§ WHAT TO WORK ON
The whole listing, except its pictures, is to be repeated exactly.

§ DATASET RECORDS
□ □ □ □ □
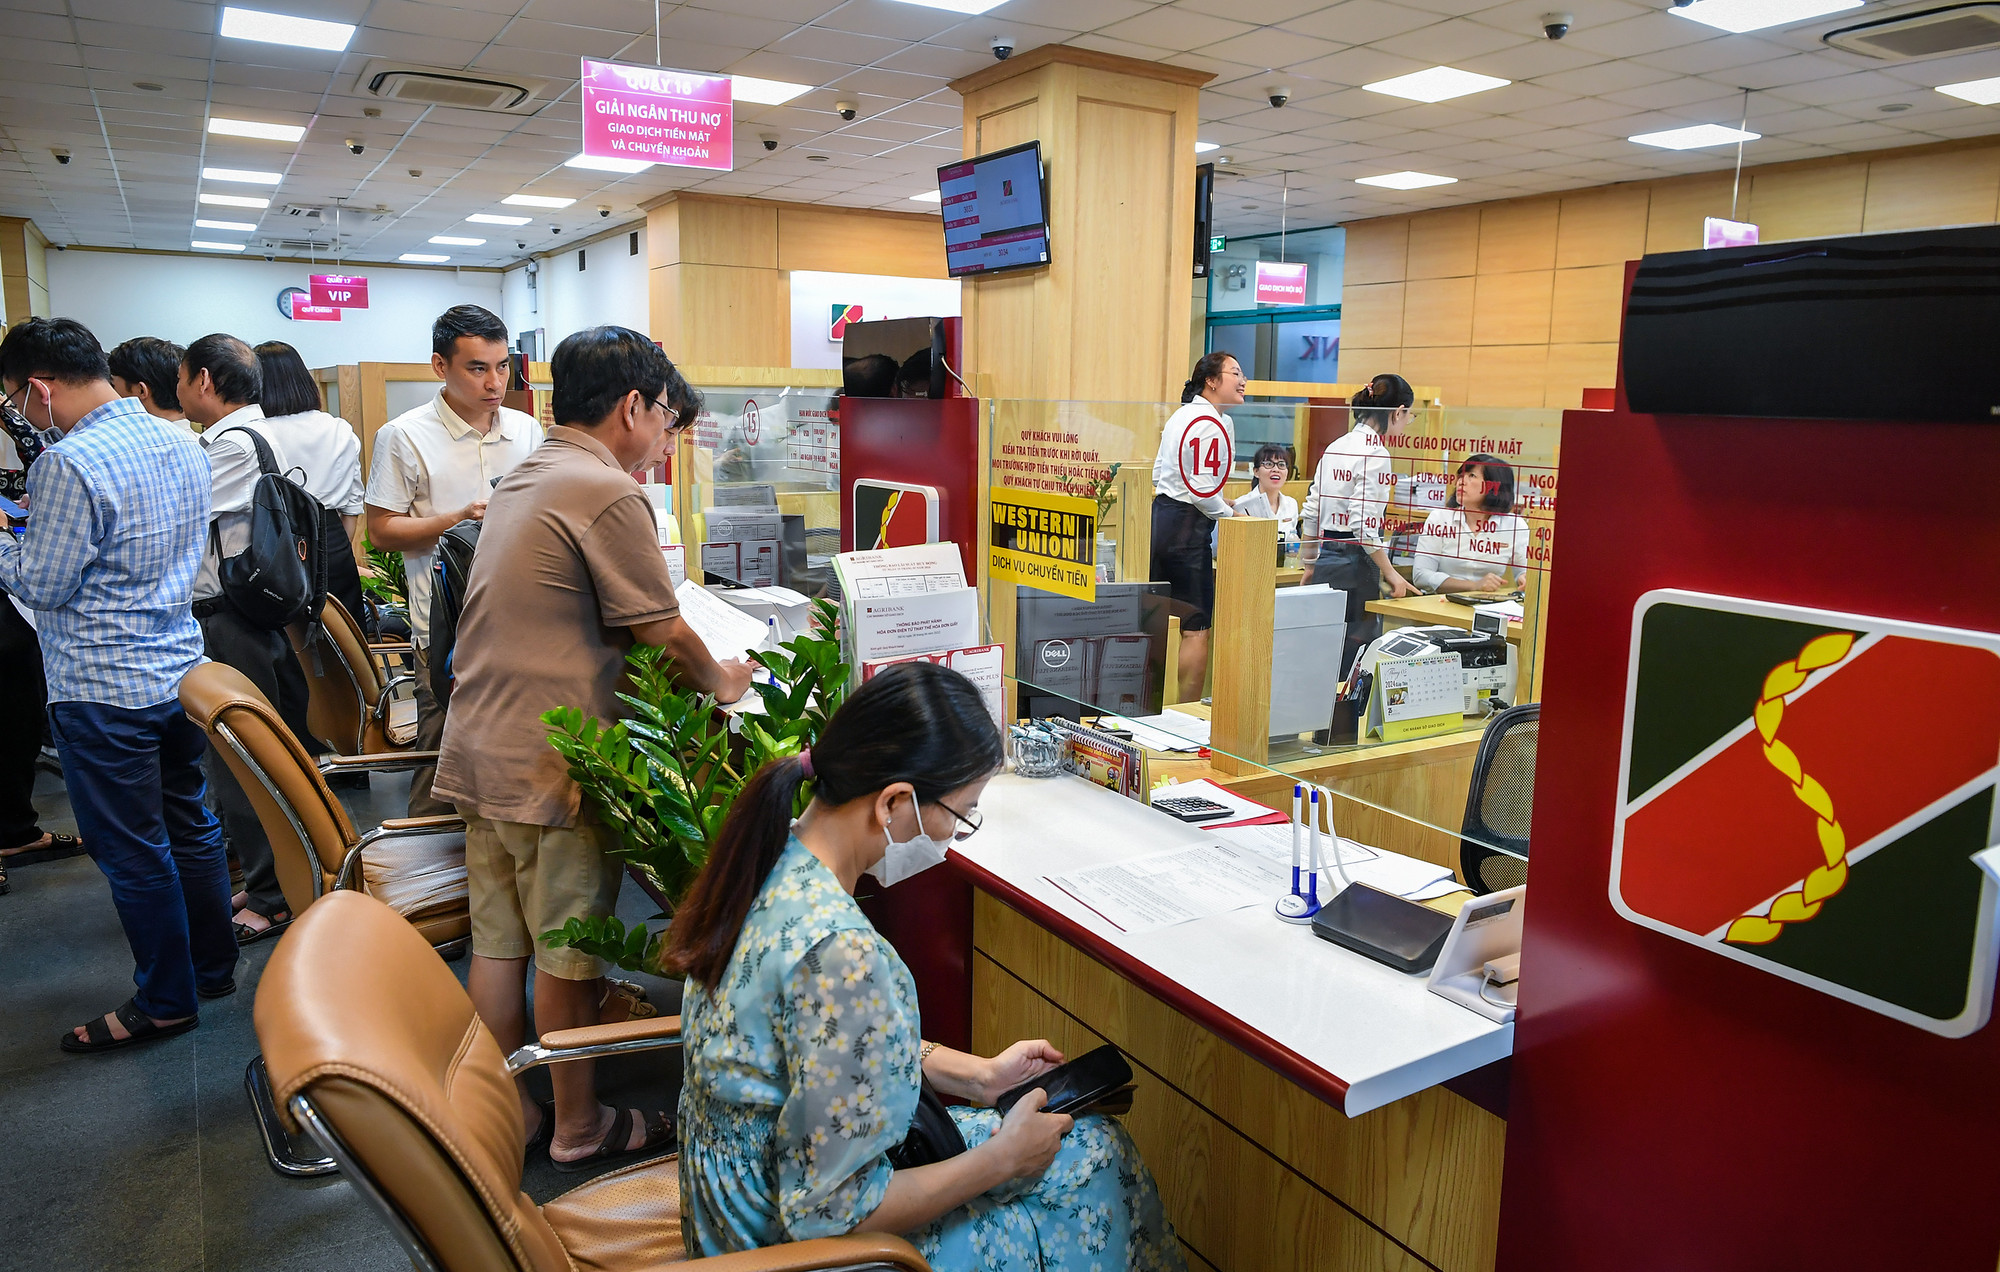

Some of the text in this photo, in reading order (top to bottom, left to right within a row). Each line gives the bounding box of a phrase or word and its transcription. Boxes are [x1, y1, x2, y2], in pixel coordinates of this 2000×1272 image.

[595, 98, 721, 130] GIẢI NGÂN THU NỢ
[608, 122, 634, 135] GIAO
[636, 125, 662, 139] DỊCH
[688, 131, 710, 144] MẶT
[611, 139, 626, 150] VÀ
[628, 140, 670, 155] CHUYỂN
[672, 144, 709, 158] KHOẢN
[328, 291, 351, 301] VIP
[747, 413, 756, 433] 15
[1033, 430, 1050, 441] KHÁCH
[1052, 433, 1062, 443] VUI
[1063, 432, 1078, 444] LÒNG
[1016, 446, 1026, 456] TRA
[1060, 449, 1070, 460] KHI
[1071, 449, 1081, 461] RỜI
[1366, 434, 1386, 449] HẠN
[1388, 433, 1411, 449] MỨC
[1413, 437, 1438, 450] GIAO
[1441, 437, 1466, 455] DỊCH
[1498, 438, 1523, 459] MẶT
[1189, 437, 1221, 477] 14
[1015, 476, 1032, 488] KHÁCH
[1333, 469, 1352, 482] VNĐ
[1378, 472, 1397, 485] USD
[1428, 490, 1444, 501] CHF
[1480, 481, 1501, 496] JPY
[1522, 491, 1535, 514] TỆ
[992, 503, 1075, 536] WESTERN
[1338, 510, 1350, 526] TỶ
[1365, 517, 1406, 532] 40 NGÀN
[1412, 522, 1456, 539] 30 NGÀN
[1476, 520, 1496, 534] 500
[1535, 526, 1552, 542] 40
[1017, 529, 1075, 560] UNION
[1470, 535, 1500, 555] NGÀN
[992, 555, 1011, 570] DỊCH
[1013, 560, 1025, 575] VỤ
[1028, 564, 1064, 582] CHUYỂN
□ □ □ □ □
§ RESPONSE BELOW
Some of the text in this photo, in reading order (top to bottom, left to right within a row). Each line gives the bounding box of a phrase or word and its transcription. Boxes are [x1, y1, x2, y2], in pixel coordinates of this 2000×1272 image.

[595, 98, 721, 130] GIẢI NGÂN THU NỢ
[608, 122, 634, 135] GIAO
[636, 125, 662, 139] DỊCH
[688, 131, 710, 144] MẶT
[611, 139, 626, 150] VÀ
[628, 140, 670, 155] CHUYỂN
[672, 144, 709, 158] KHOẢN
[328, 291, 351, 301] VIP
[747, 413, 756, 433] 15
[1033, 430, 1050, 441] KHÁCH
[1052, 433, 1062, 443] VUI
[1063, 432, 1078, 444] LÒNG
[1016, 446, 1026, 456] TRA
[1060, 449, 1070, 460] KHI
[1071, 449, 1081, 461] RỜI
[1366, 434, 1386, 449] HẠN
[1388, 433, 1411, 449] MỨC
[1413, 437, 1438, 450] GIAO
[1441, 437, 1466, 455] DỊCH
[1498, 438, 1523, 459] MẶT
[1189, 437, 1221, 477] 14
[1015, 476, 1032, 488] KHÁCH
[1333, 469, 1352, 482] VNĐ
[1378, 472, 1397, 485] USD
[1428, 490, 1444, 501] CHF
[1480, 481, 1501, 496] JPY
[1522, 491, 1535, 514] TỆ
[992, 503, 1075, 536] WESTERN
[1338, 510, 1350, 526] TỶ
[1365, 517, 1406, 532] 40 NGÀN
[1412, 522, 1456, 539] 30 NGÀN
[1476, 520, 1496, 534] 500
[1535, 526, 1552, 542] 40
[1017, 529, 1075, 560] UNION
[1470, 535, 1500, 555] NGÀN
[992, 555, 1011, 570] DỊCH
[1013, 560, 1025, 575] VỤ
[1028, 564, 1064, 582] CHUYỂN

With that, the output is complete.